Unlike the original game which used a single connectivity pattern, LightSwitch introduces variable "Adjacency Matrices"—changing the rules of how a single button press propagates across the grid.
Core Concepts & Rules
The game is played on a 3x3 grid (9 total nodes). The goal is to reach the "Zero State" (all lights off).
- Binary States: Each light has only two states: ON (1) or OFF (0).
- Modulo 2 Arithmetic: Tapping a light adds "1" to its state. 1+1 = 0 (Off). This means tapping a light twice is mathematically identical to never tapping it at all.
- Commutativity: The order in which you tap the lights does not matter. Tapping A then B produces the exact same result as tapping B then A.
The "Chase the Lights" Algorithm
The most reliable strategy for solving the standard Plus (+) pattern is a systematic reduction method known as "Chasing." This turns a 2D problem into a linear 1D problem.
Step 1: The Top Row
Ignore the state of the top row for a moment. Look at the second row. If a light in the top row is ON, you must tap the button directly below it (in the second row) to turn it off.
Step 2: The Cascade
Once the top row is dark, move your attention to the second row. If any lights are ON in the second row, tap the buttons directly below them (in the third row).

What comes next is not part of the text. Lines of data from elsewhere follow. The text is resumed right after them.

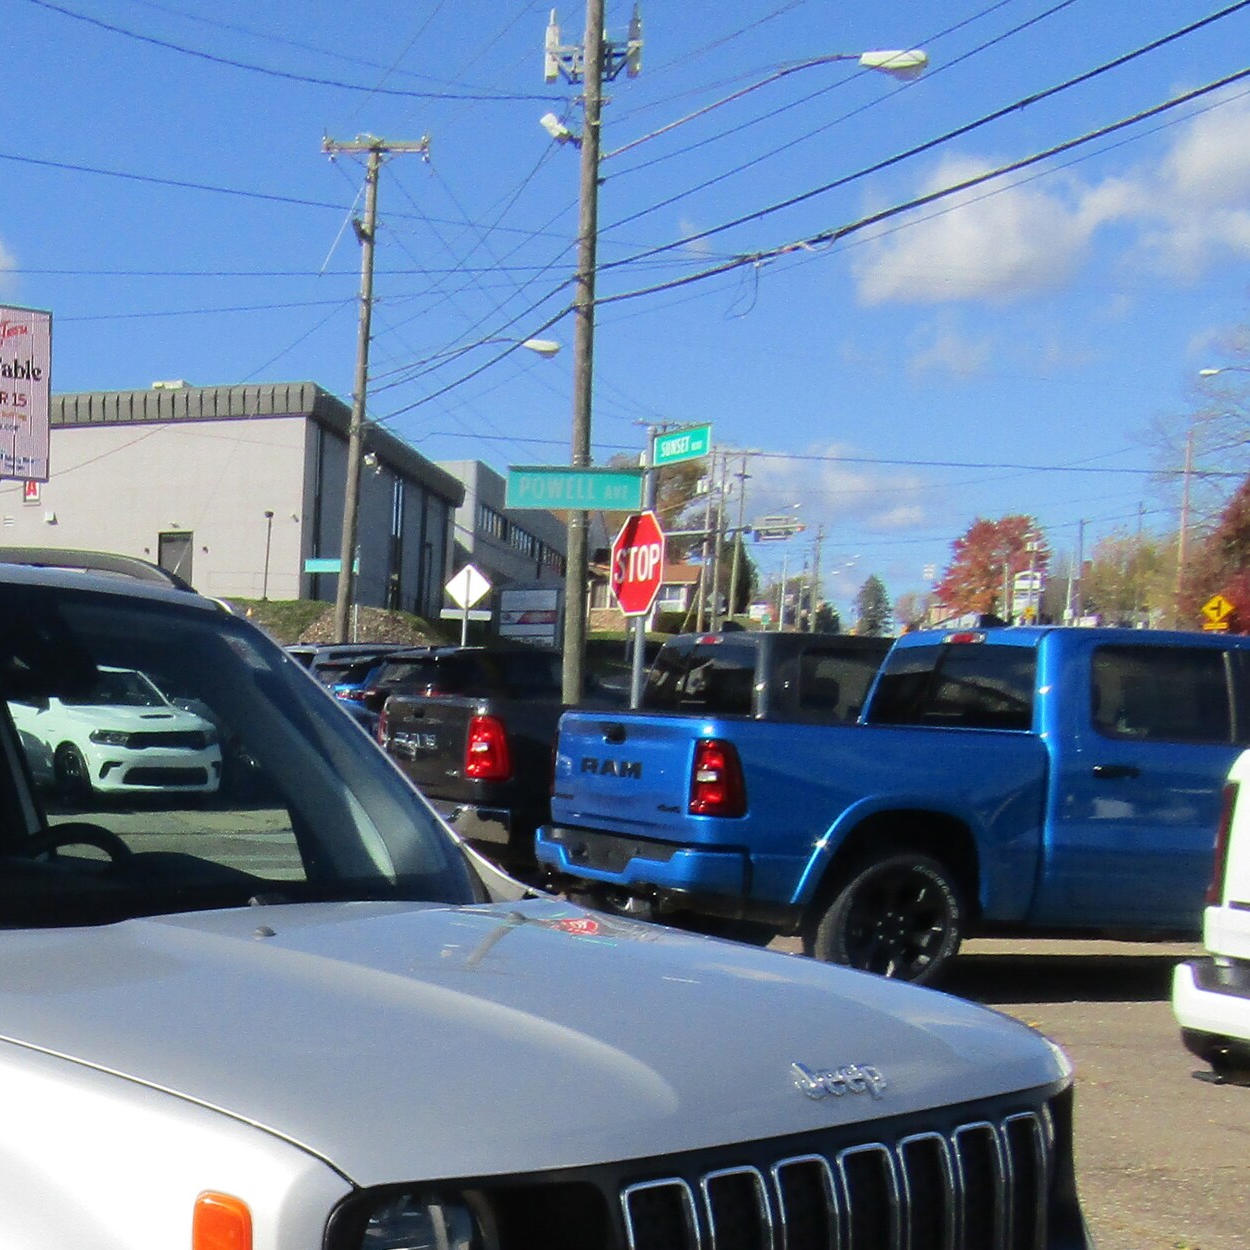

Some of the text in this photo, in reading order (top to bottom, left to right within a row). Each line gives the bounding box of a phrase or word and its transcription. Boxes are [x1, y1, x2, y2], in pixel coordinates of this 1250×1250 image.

[12, 392, 27, 408] 15
[661, 435, 690, 457] SUNSET
[518, 476, 595, 500] POWELL
[614, 543, 660, 584] STOP
[580, 757, 642, 780] RAM
[791, 1062, 887, 1101] Jeep
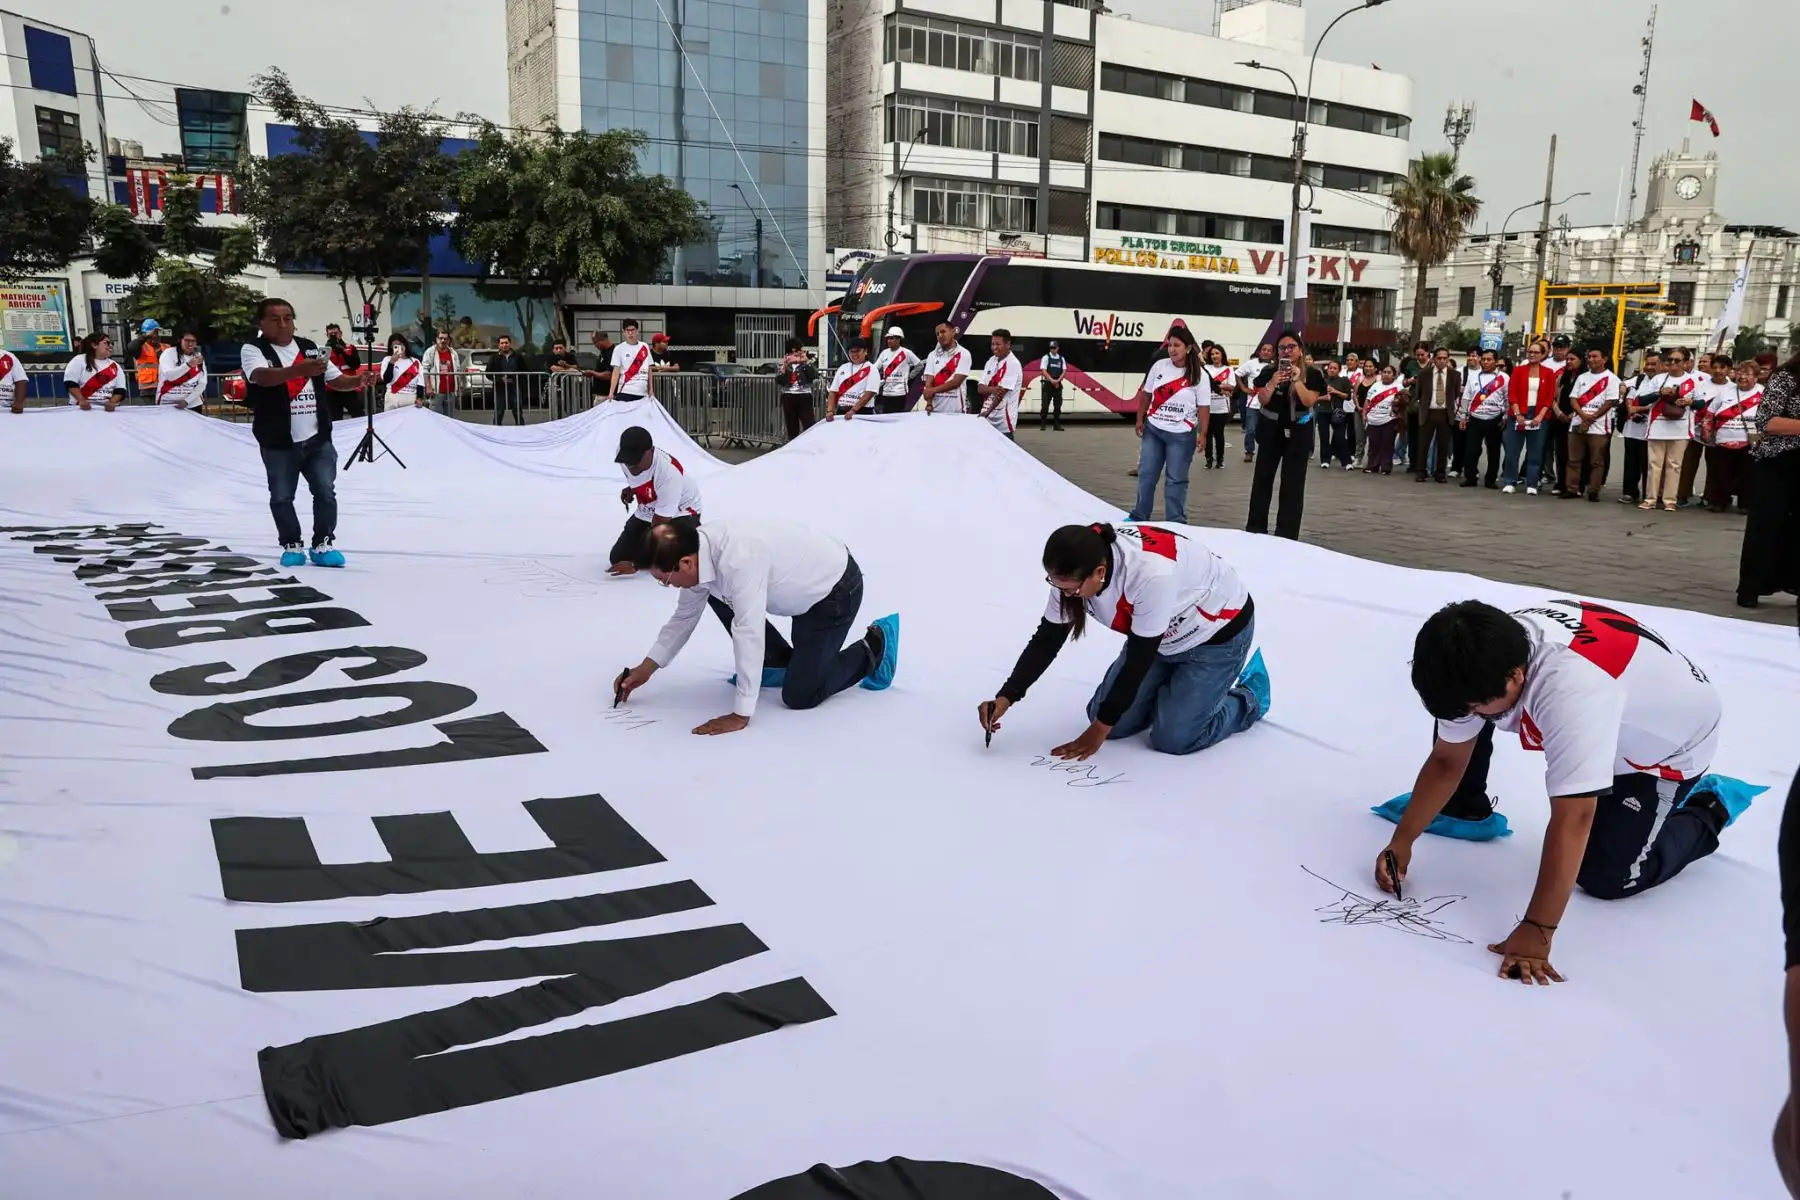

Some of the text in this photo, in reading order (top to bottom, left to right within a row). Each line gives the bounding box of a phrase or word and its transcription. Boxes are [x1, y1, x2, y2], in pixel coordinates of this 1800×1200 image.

[1121, 236, 1222, 256] PLATOS CRIOLLOS
[1095, 247, 1239, 274] POLLOS A LA BRASA
[1, 293, 47, 301] MATRÍCULA
[8, 301, 41, 309] ABIERTA
[1073, 309, 1144, 347] Waybus
[1158, 405, 1185, 413] CTORIA
[150, 645, 549, 780] LOS
[211, 793, 838, 1140] ME
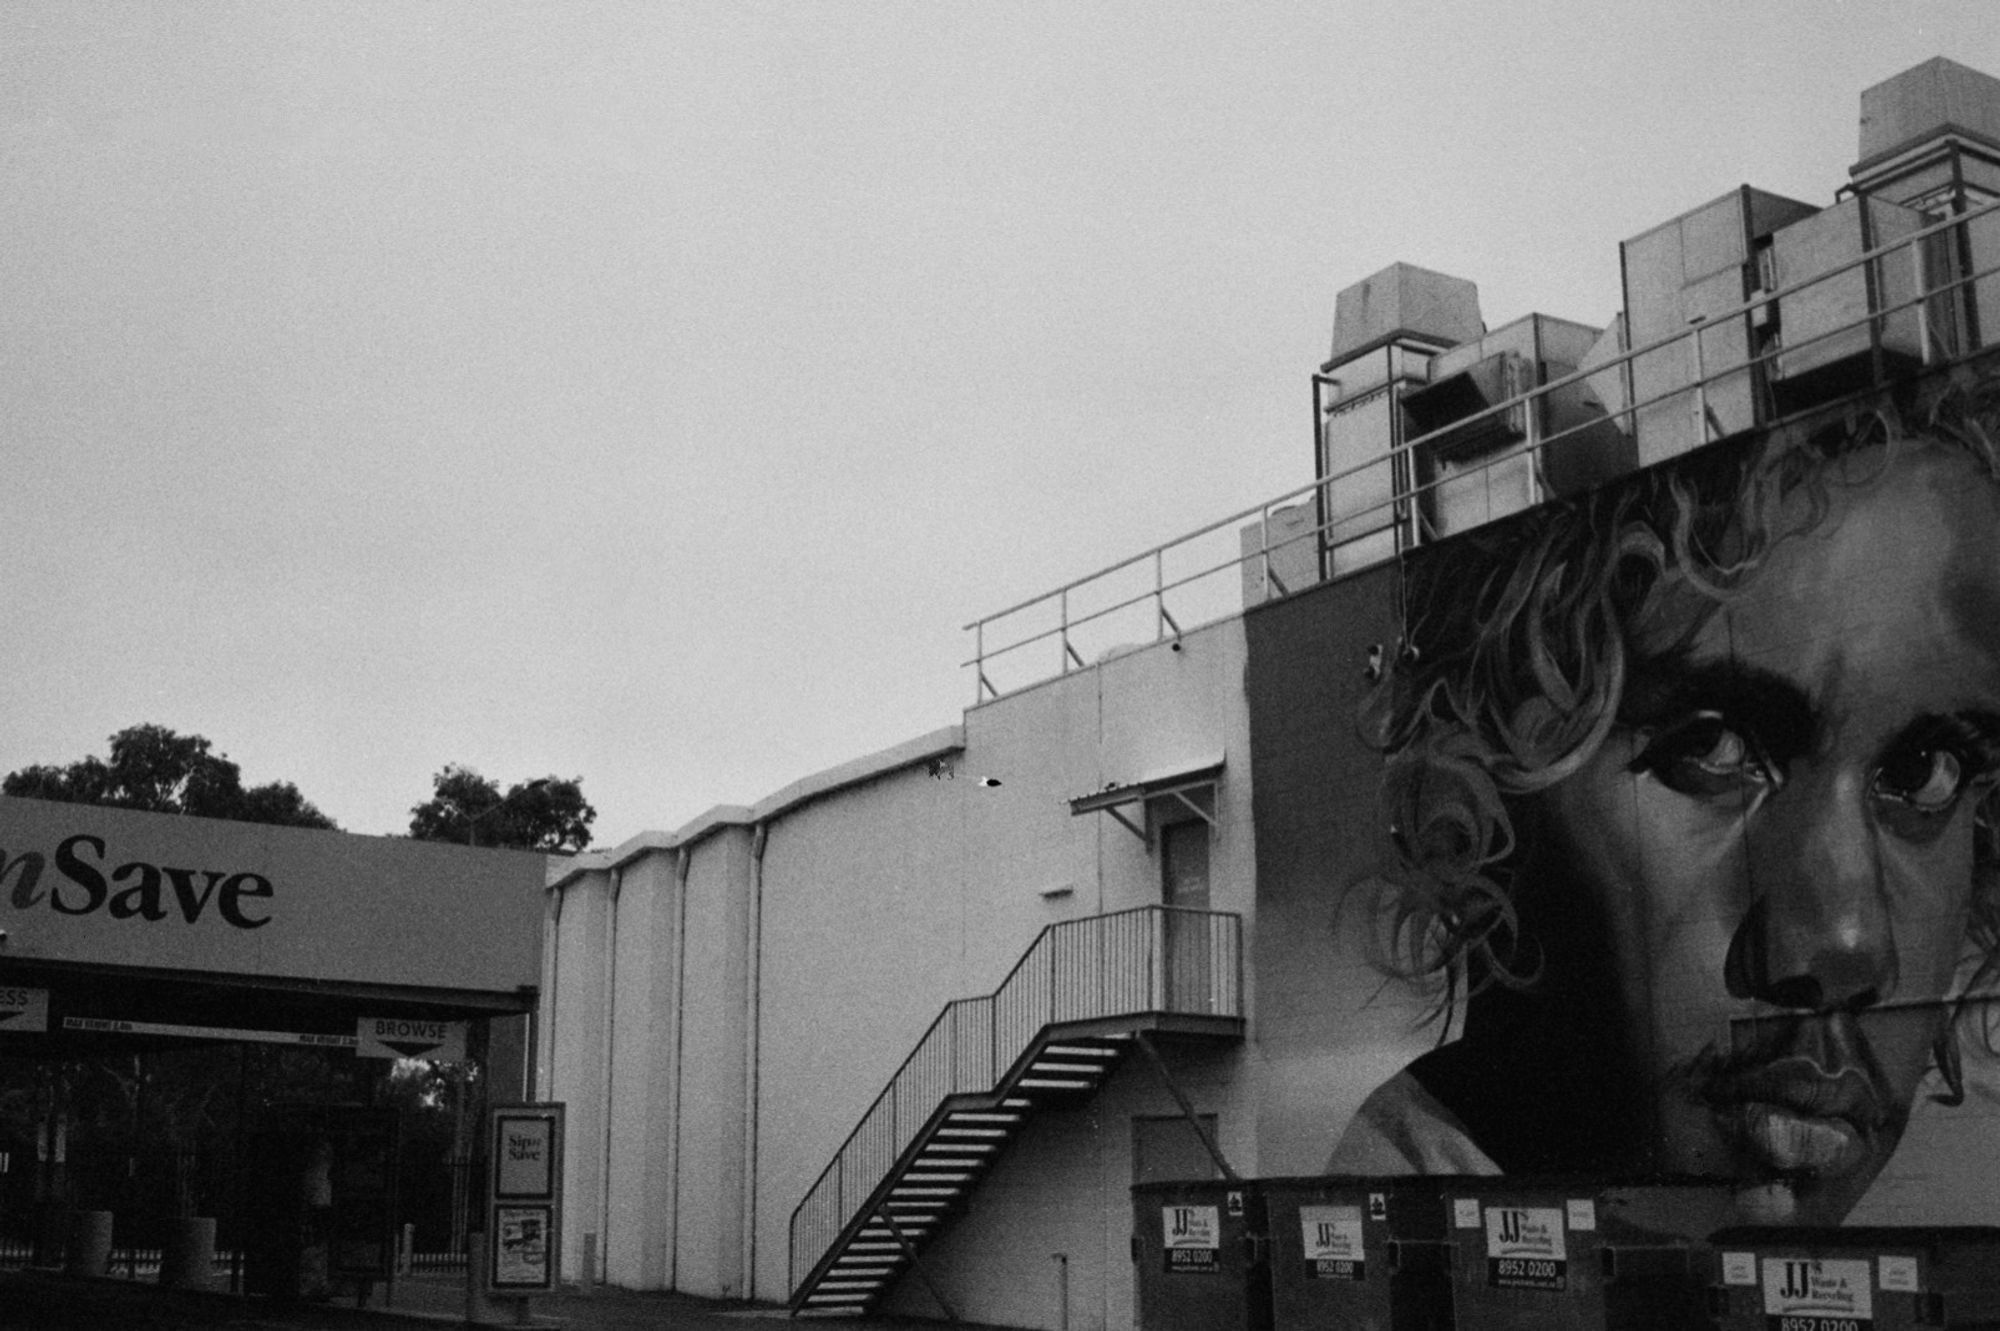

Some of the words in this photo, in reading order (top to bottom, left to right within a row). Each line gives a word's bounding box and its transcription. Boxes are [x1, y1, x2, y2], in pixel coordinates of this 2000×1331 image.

Step 3: The Bottom Row Problem
By the time you reach the bottom row, the top two rows will be completely dark. You will be left with a few lights on the bottom row. At this point, you must use a specific "Quiet Pattern"—a sequence of taps on the top row that cycles the board state without disturbing the solved rows—to clear the final lights.
Understanding the Topologies
LightSwitch increases difficulty by altering the shape of the "influence" each button has:
- Plus (+) Pattern (Hard): This is the classic Von Neumann neighborhood (North, South, East, West). It creates a dense connectivity graph where changes ripple outward in a diamond shape.
- X Pattern (Hardest): This uses Diagonal adjacency. Because the center button controls 5 lights (itself + 4 corners) while corners only control 2, the "weight" of the center button is significantly higher, creating complex dependency chains.
- Diagonal (⧸⧹) Pattern (Normal): A disjointed topology where the board effectively splits into independent sub-grids. This is the easiest mode to learn because errors are localized to specific quadrants.